Durante la función aparece otro luchador que rebasa los 40 años, a penas entra en el traje. La panza le cuelga y las nalgas le rebasan el calzón. También entra uno más joven, luciendo el abdomen marcado y un mallón que deja ver sus piernas trabajadas en gimnasio.
“Bájalo wey, es de uno contra uno”, le grita un enmascarado desde abajo del ring al réferi. Entre dos le están dando una paliza a su compañero. Está sentado en la lona, uno le tuerce los brazos hacia atrás, mientras el otro le propina patadas.

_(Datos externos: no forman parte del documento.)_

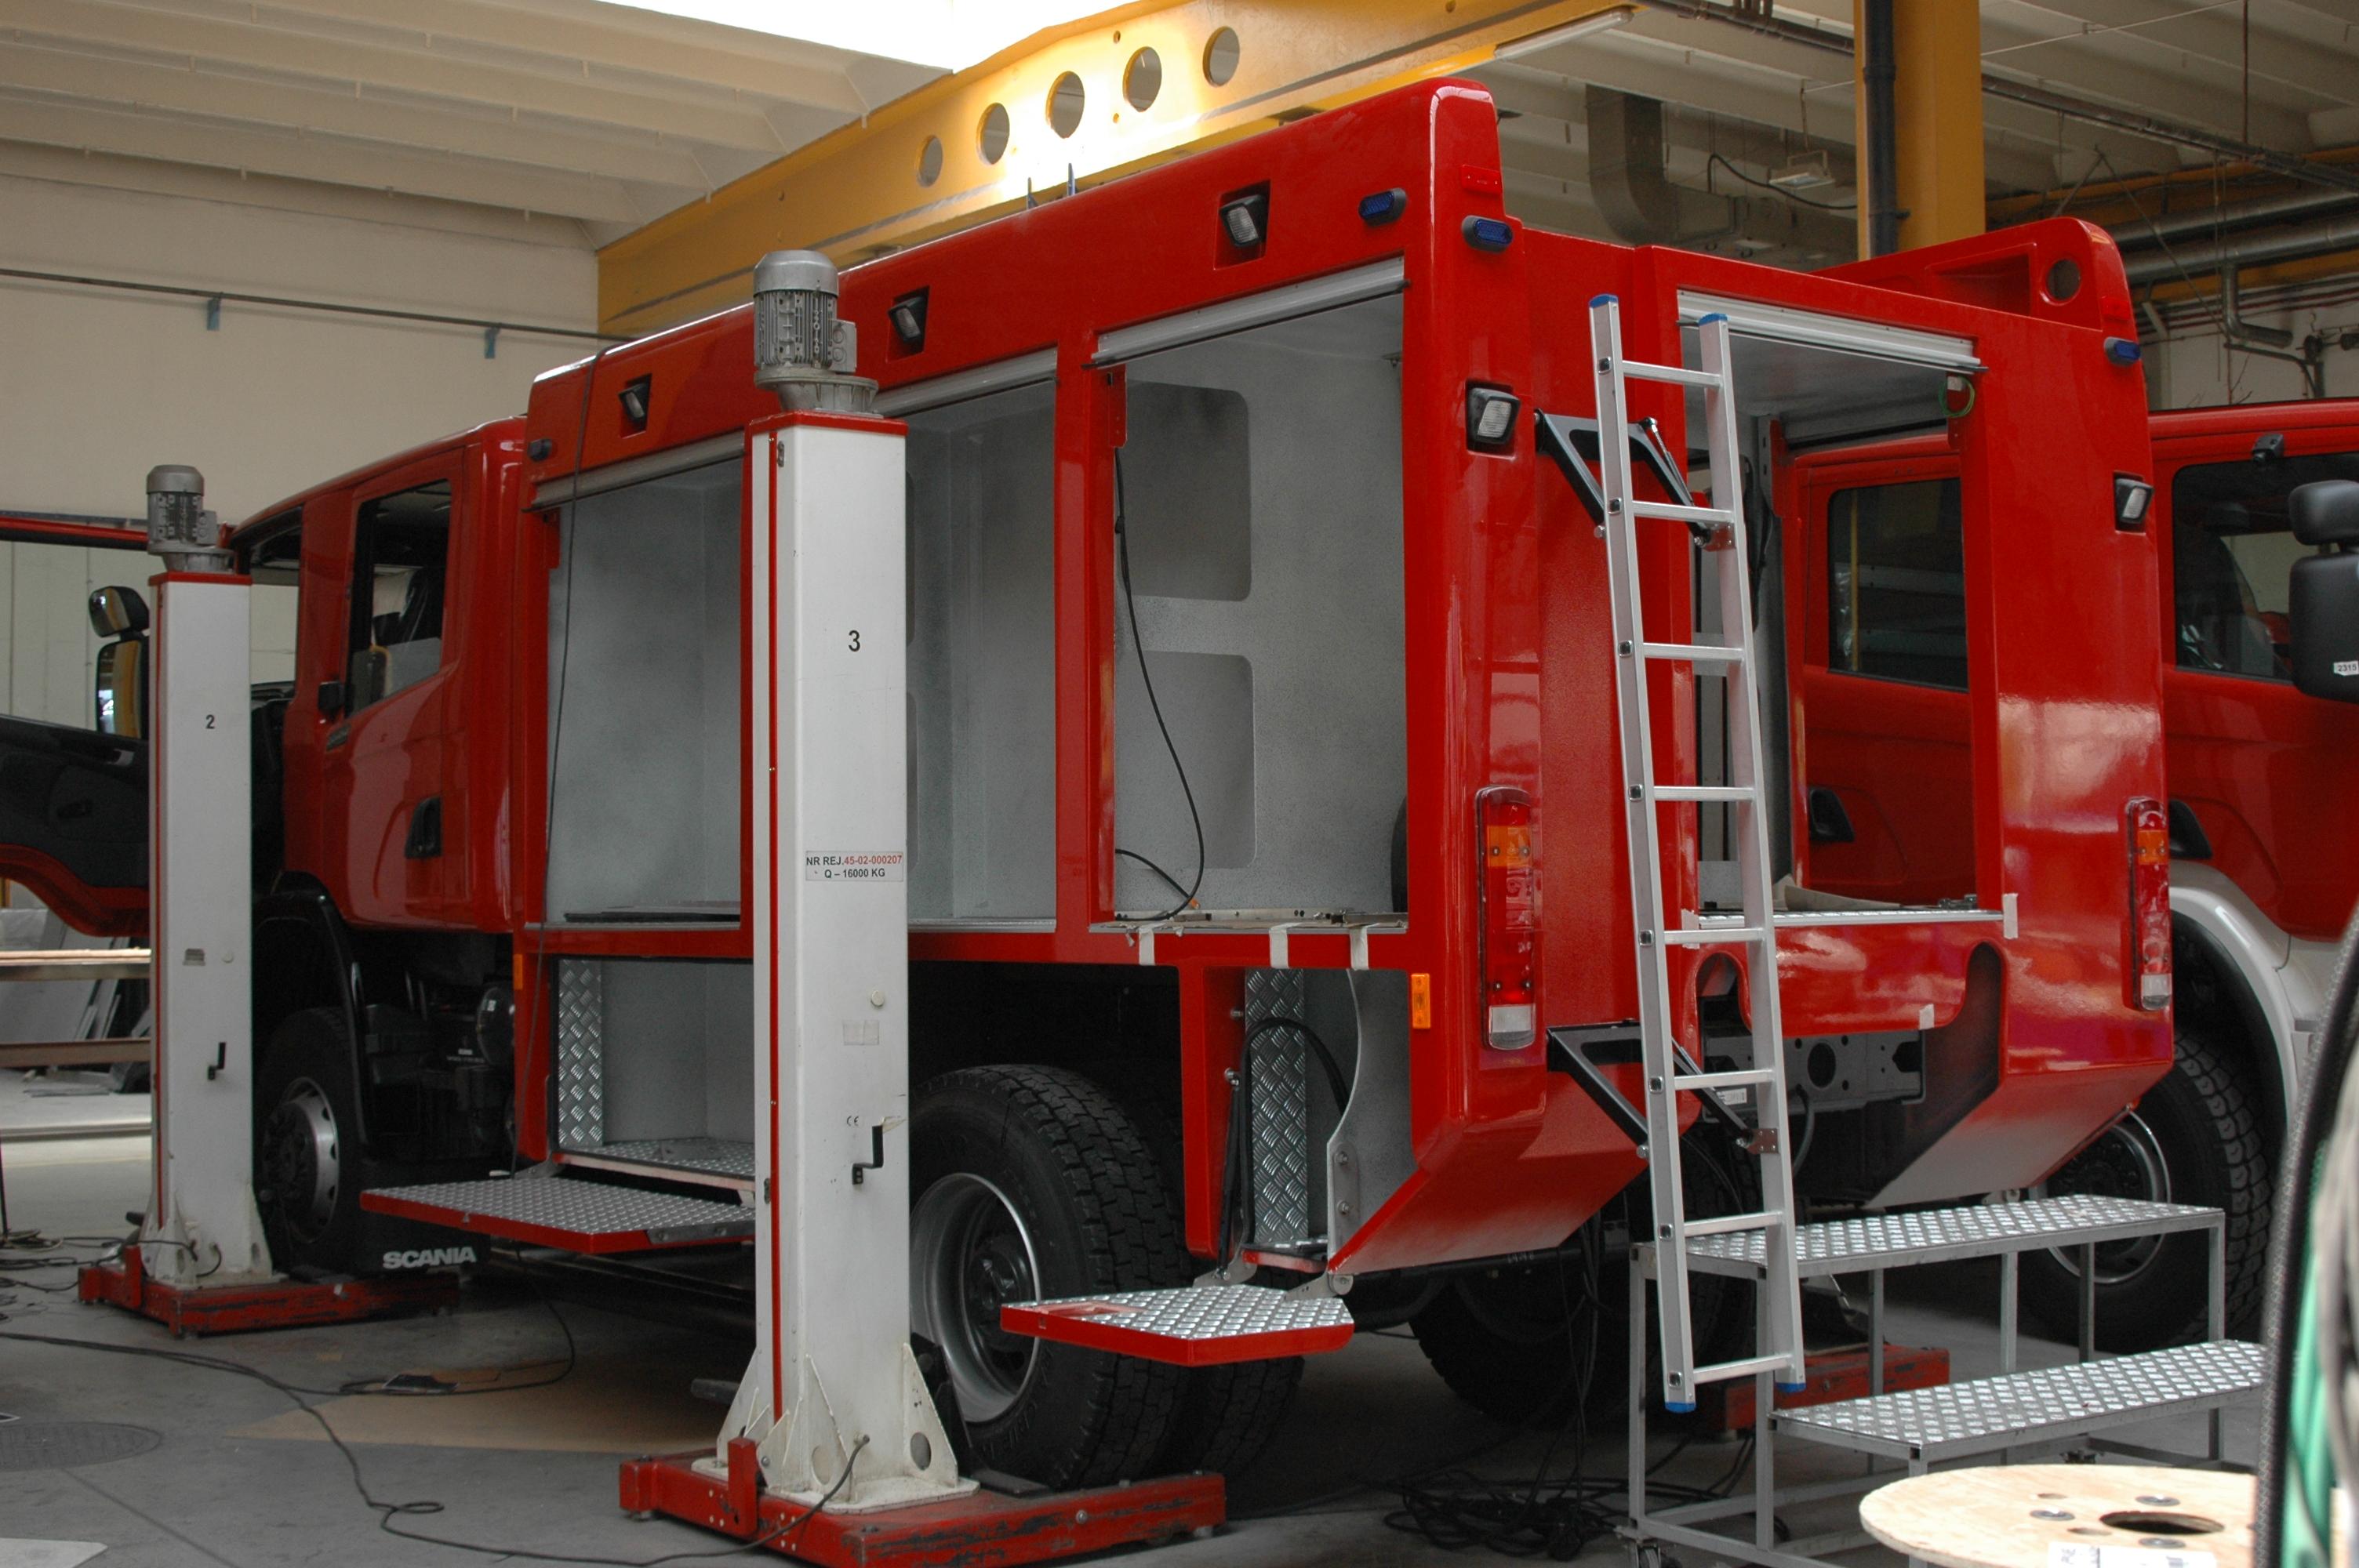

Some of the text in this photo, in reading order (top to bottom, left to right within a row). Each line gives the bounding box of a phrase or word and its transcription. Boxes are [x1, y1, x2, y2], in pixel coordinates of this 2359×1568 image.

[849, 630, 860, 652] 3
[205, 714, 215, 730] 2
[806, 856, 820, 866] NR
[824, 869, 832, 879] Q
[843, 869, 869, 878] 16000
[871, 868, 885, 877] KG
[383, 1247, 477, 1269] SCANIA

Durante el golpe, el sonido y el impacto parecen estar desfasados. Realmente no le pega y el ruido proviene del atacante azotando su mano en su propia pierna para provocar el efecto. La falta de sincronía revela el truco, pero eso no le importa al público, es más, ya lo saben. Ellos están metidos en la injusticia del dos contra uno.
Y es que cuando la lucha inicia, hay un pacto entre los luchadores y la audiencia. Y ese pacto es sagrado.
La figura de la tarde fue el luchador acróbata que en cada chance se subió a la tercera cuerda y emprendió el vuelo. También estuvo el “corredor” que se la pasó dando vueltas en el ring evitando el golpe. Los veteranos fueron especialistas en lucha a ras de lona basada en la técnica tradicional del llaveo, cuerpo a cuerpo.
La pelea termina. Los asistentes gritan y se ríen. Parecen felices.
Desde una esquina de la arena, oculto a media luz, Víctor observa todo de pie. Asiente con ligereza. Se jacta en silencio por otra tarde de lucha. Un día más que prolonga la vida de la arena. 36 años de esta hazaña anónima.
Desde ese mismo rincón, recuerda su trayectoria. Recuerda cuando “Costeñito Moy” se retiró del ring aquel 3 de agosto del 2014. Fue por las arrugas, los achaques de rodillas, espalda y demás. Esas cosas que acaban con las carreras de los deportistas.
Si la lucha le enseñó algo a Víctor es que cada caída en la lona tiene un costo y el cuerpo tiene buena memoria.
Puede que ya no tengan la misma habilidad para trepar al ring, pero veteranos como Víctor mantienen intacta su pasión en cada función. No importa que ahora les toque estás tras el telón.